- **What is required**:
May I have the lines from the one containing "Some of the words" to the end of the entries, returned exactly and with nothing else?

- **Material for this exercise**:

- Opening Delimiter -

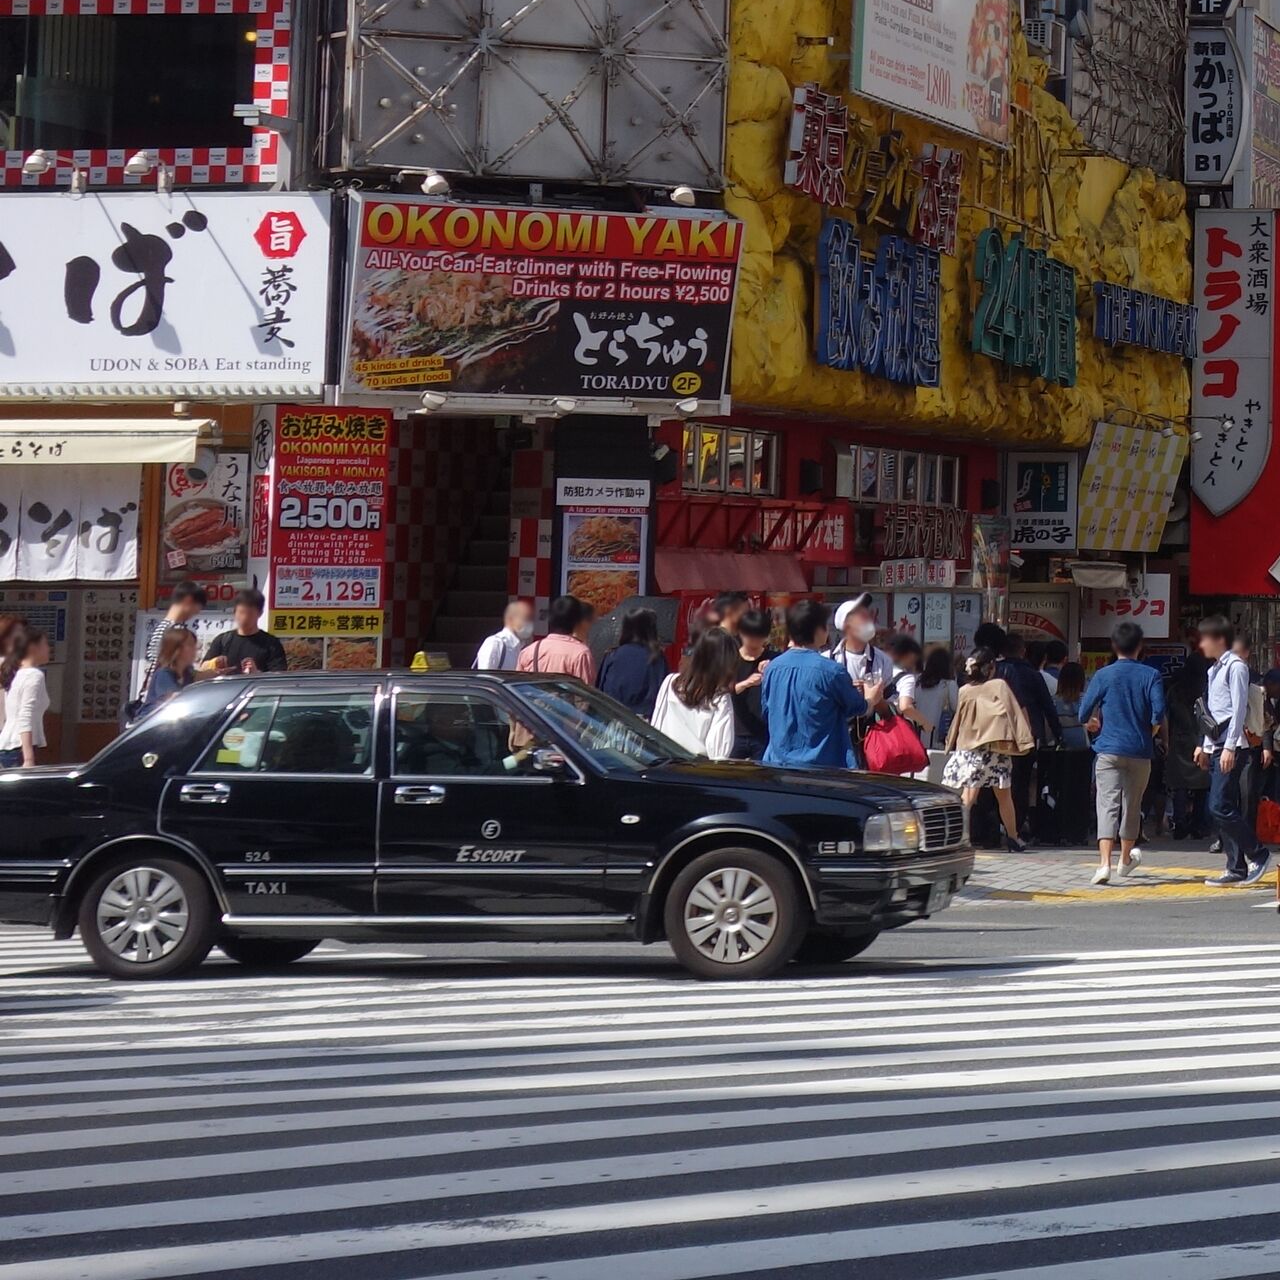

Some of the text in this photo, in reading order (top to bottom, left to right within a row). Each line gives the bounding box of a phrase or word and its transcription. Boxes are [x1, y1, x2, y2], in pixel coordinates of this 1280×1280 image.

[1193, 41, 1226, 56] 新宿
[1192, 58, 1226, 145] かっぱ
[1194, 154, 1223, 172] B1
[367, 203, 739, 258] OKONOMI YAKI
[517, 260, 574, 277] dinner
[578, 262, 615, 278] with
[620, 262, 732, 284] Free-Flowing
[1247, 217, 1271, 316] 大衆酒場
[512, 279, 730, 304] Drinks for 2 hours ¥2,500
[257, 265, 298, 348] 蕎麦
[1202, 227, 1242, 398] トラノコ
[89, 357, 312, 377] UDON & SOBA Eat standing
[370, 359, 396, 372] kinds
[411, 357, 443, 369] drinks
[381, 375, 408, 387] kinds
[422, 371, 449, 383] foods
[581, 374, 698, 391] TORADYU 2F
[280, 416, 387, 440] お好み焼き
[1231, 399, 1262, 472] やきとり
[280, 442, 386, 456] OKONOMI YAKI
[564, 486, 646, 499] 防犯カメラ作動中
[1011, 527, 1073, 544] 虎の子
[245, 851, 271, 862] 524
[245, 882, 287, 895] TAXI
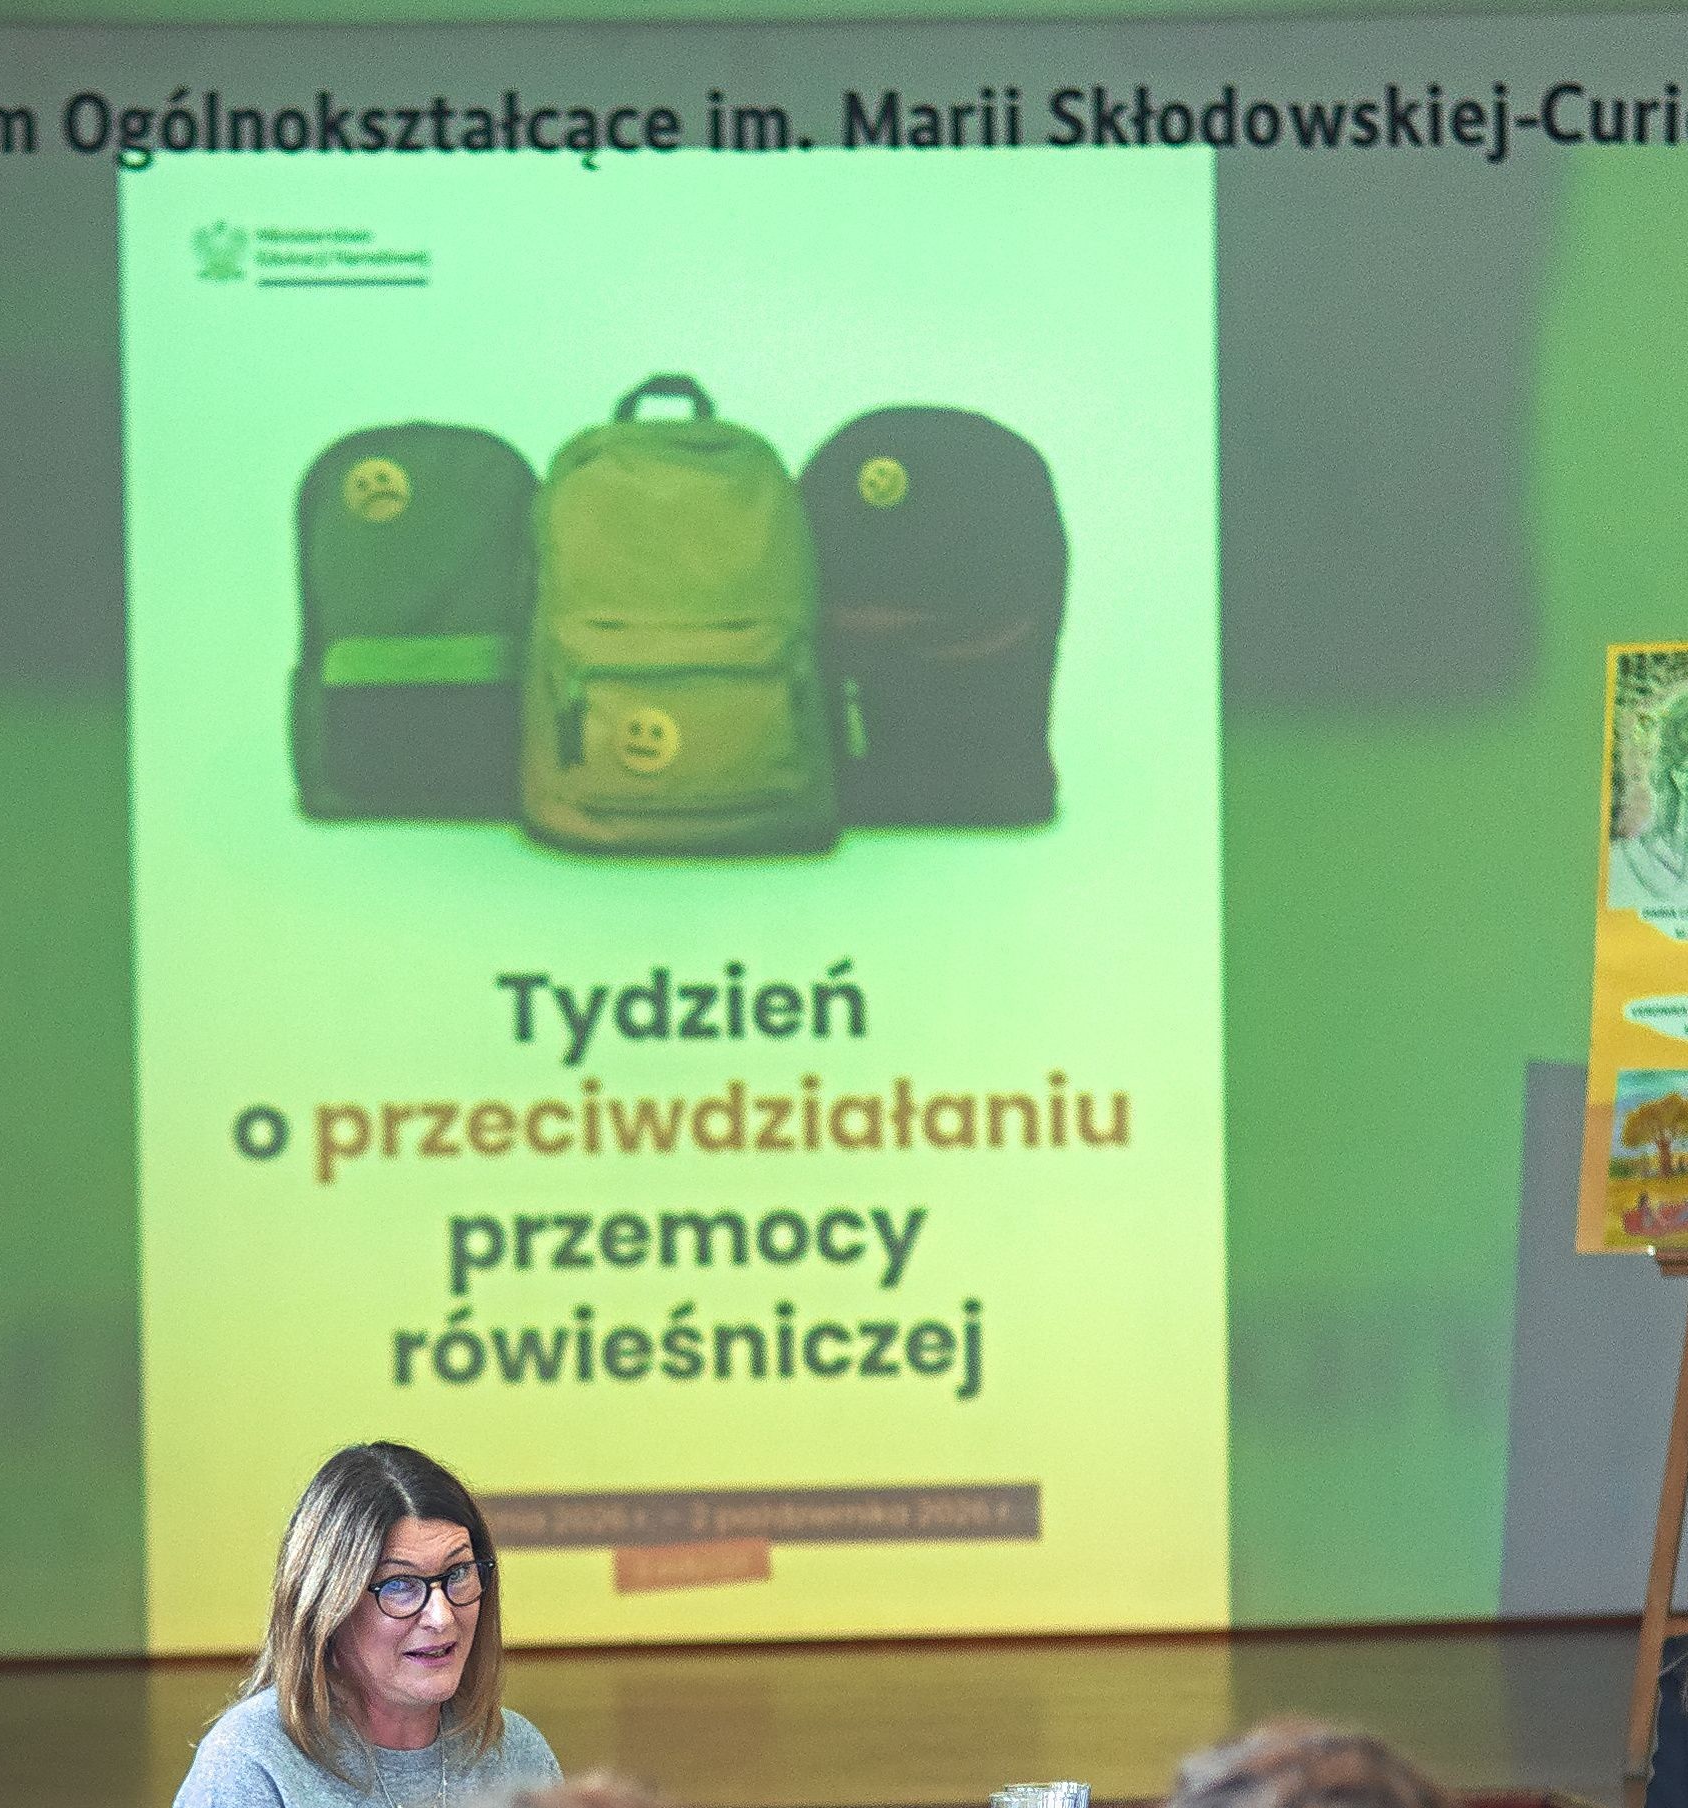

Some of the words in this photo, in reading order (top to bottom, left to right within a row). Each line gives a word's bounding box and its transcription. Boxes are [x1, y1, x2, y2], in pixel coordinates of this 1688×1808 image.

[61, 86, 682, 172] Ogólnokształcące
[707, 89, 813, 152] im.
[843, 87, 1022, 150] Marii
[497, 957, 867, 1068] Tydzień
[231, 1103, 292, 1163] o
[317, 1069, 1132, 1184] przeciwdziałaniu
[447, 1204, 929, 1297] przemocy
[391, 1297, 987, 1400] rówieśniczej

- Closing Delimiter -

- **Your solution**:
Some of the words in this photo, in reading order (top to bottom, left to right within a row). Each line gives a word's bounding box and its transcription. Boxes are [x1, y1, x2, y2], in pixel coordinates of this 1688×1808 image.

[61, 86, 682, 172] Ogólnokształcące
[707, 89, 813, 152] im.
[843, 87, 1022, 150] Marii
[497, 957, 867, 1068] Tydzień
[231, 1103, 292, 1163] o
[317, 1069, 1132, 1184] przeciwdziałaniu
[447, 1204, 929, 1297] przemocy
[391, 1297, 987, 1400] rówieśniczej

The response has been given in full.